Diritto a esprimere e revocare il consenso e diritto a rifiutare le cure.

Fin dall’epoca di Ippocrate, tra medico e malato è esistito una specie di tacito contratto: il malato si affidava al medico. Nella nostra epoca, occorre il “consenso informato” per molti atti medici, in particolare per interventi chirurgici. Tale consenso non è un atto burocratico, ma costituisce la salvaguardia del paziente, che può revocarlo liberamente. Il rifiuto delle cure, tema di grandissima attualità perché trascina con sé le dibattute tematiche del fine vita e della libertà della persona malata.

Diritto all’integrità personale e al rispetto della dignità.
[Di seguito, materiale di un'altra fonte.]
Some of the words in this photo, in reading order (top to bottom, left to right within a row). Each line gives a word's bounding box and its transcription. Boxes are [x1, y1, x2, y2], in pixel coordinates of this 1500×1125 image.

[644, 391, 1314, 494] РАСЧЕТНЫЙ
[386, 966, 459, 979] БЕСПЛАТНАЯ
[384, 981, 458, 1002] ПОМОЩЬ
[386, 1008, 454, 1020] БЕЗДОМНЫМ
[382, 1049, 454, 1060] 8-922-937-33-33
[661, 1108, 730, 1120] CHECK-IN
Negli ultimi anni sono finiti, con la condanna dei medici, processi in cui il malato lamentava il mancato rispetto della sua volontà in merito all’estensione di interventi chirurgici che aveva esplicitamente affermato di non accettare. Se un paziente giudica contrario alla sua dignità un trattamento o un intervento, il medico ha il dovere di rispettare questa sua volontà.

Diritto a non soffrire.

Il malato ha diritto ad essere sollevato dal dolore, in ogni caso. Questo diritto acquista particolare rilievo in caso di malattia inguaribile e terminale.

Diritto alla privacy.

Non essere visitato in pubblico, rigoroso rispetto della volontà del malato nell’informazione da dare a parenti, adeguata vigilanza sulla segretezza della cartella clinica. Sono tutte situazioni che rientrano nel codice deontologico dei medici, ma che vanno considerate anche alla luce della nostra società sempre più informatizzata.
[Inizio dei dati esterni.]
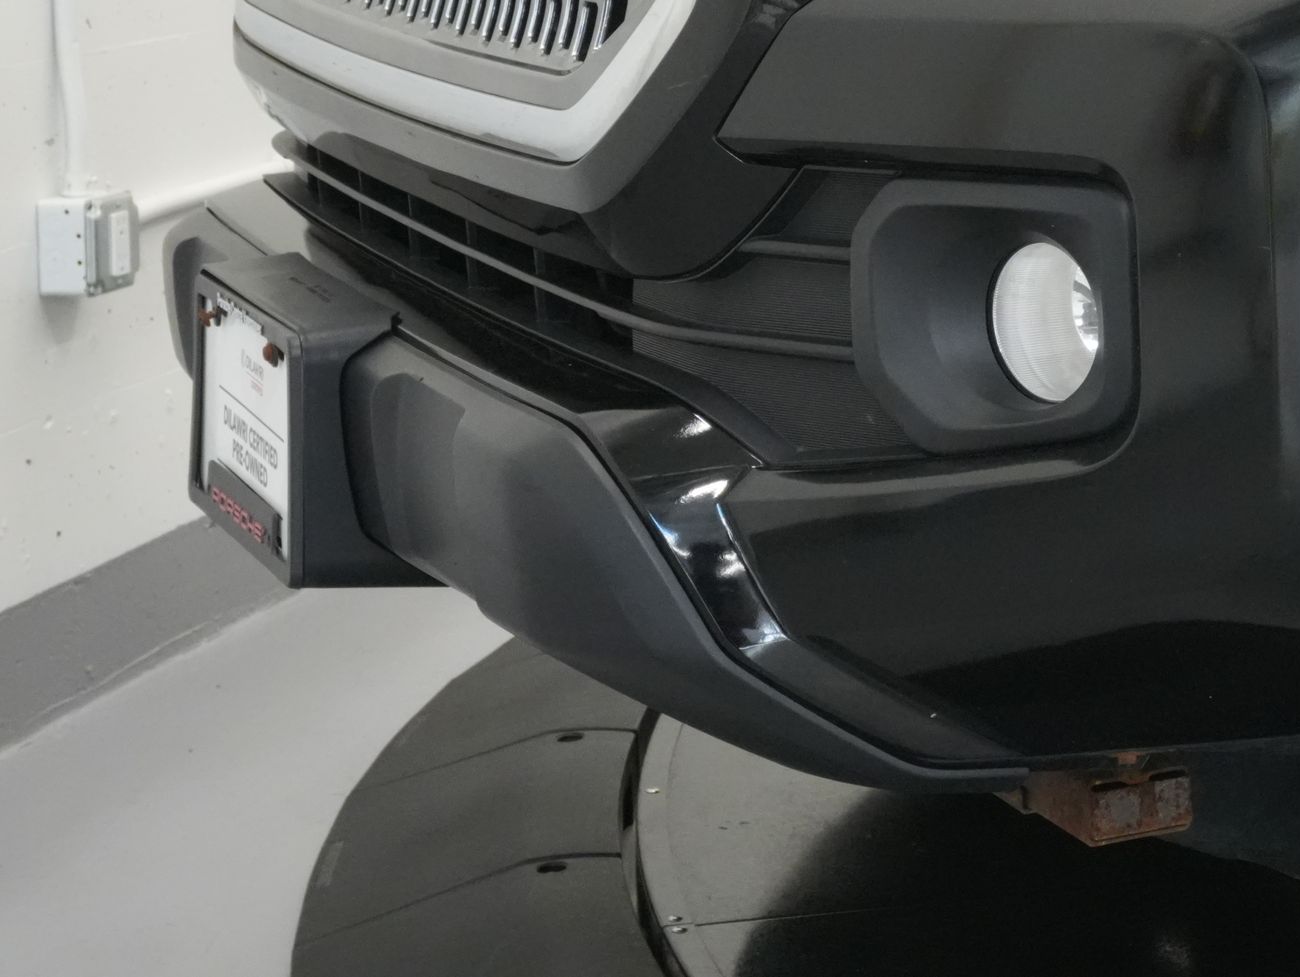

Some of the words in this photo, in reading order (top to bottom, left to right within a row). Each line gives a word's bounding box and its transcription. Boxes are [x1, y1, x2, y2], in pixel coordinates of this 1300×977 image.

[223, 404, 248, 443] DILAWRI
[249, 425, 278, 470] CERTIFIED
[232, 438, 268, 488] PRE-OWNED
[211, 486, 267, 544] PORSCHE
Diritto a una seconda opinione.

Il medico non deve vivere come una “mancanza di fiducia” il legittimo desiderio del paziente che desidera ascoltare anche il parere di un altro medico. È inaccettabile, anche se accade raramente, che un medico congedi il suo paziente perché ha espresso questo desiderio. Dirò di più: il medico, con molta serenità e umiltà, dovrebbe essere lieto di confrontare le sue osservazioni con quelle di un collega.

Diritto a un accesso equo al progresso biomedico.

Questo è un tema molto dibattuto dalla comunità scientifica internazionale, perché una delle situazioni riguarda la partecipazione dei malati a “studi pilota” in cui si effettuano cure innovative. Al progresso biomedico va accompagnata l’assoluta sicurezza per il malato, insieme al diritto di ritirarsi dal trial in qualunque momento. La scienza e il progresso scientifico devono essere al servizio dell’uomo e non l’uomo al servizio della scienza.
Le mie considerazioni personali è che negli ultimi due anni si sono fatta carta straccia dei diritti e della dignità dei cittadini.

I diritti del malato coincidono per molti aspetti ai diritti del cittadino.

Il primo diritto di chi si rivolge ad un medico è essere ascoltato, visitato e curato in modo appropriato. Abbiamo sperimentato di medici di famiglia che non visitavano i pazienti o non rispondevano al telefono e se rispondevano applicavano banali protocolli ministeriali (non scientificamente convalidati).

Il paziente ha sempre diritto a dire di no ad una cura soprattutto se questa è sperimentale.

Il paziente ha il diritto che il medico abbia un comportamento etico e si adoperi con la maggiore professionalità possibile seguendo le evidenze scientifiche, e coscienza (scienza e coscienza).

Il paziente ha diritto di essere informato di eventuali alternative terapeutiche.

Non esiste una medicina che va bene per tutti (un tanto al Kg) ma le terapie devono obbligatoriamente essere valutare e calibrate con attenzione paziente per paziente.
Abbiamo visto invece medici sospesi non perché siano cattivi medici, ma solo perché hanno rifiutato un obbligo (imposto dall’alto) ad un trattamento sperimentale.
Non soffermiamoci su aspetto privacy, quando in qualsiasi occasione per accedere a quasi tutti i servizi o al proprio posto di lavoro è stato necessario sbandierare la propria situazione sanitaria.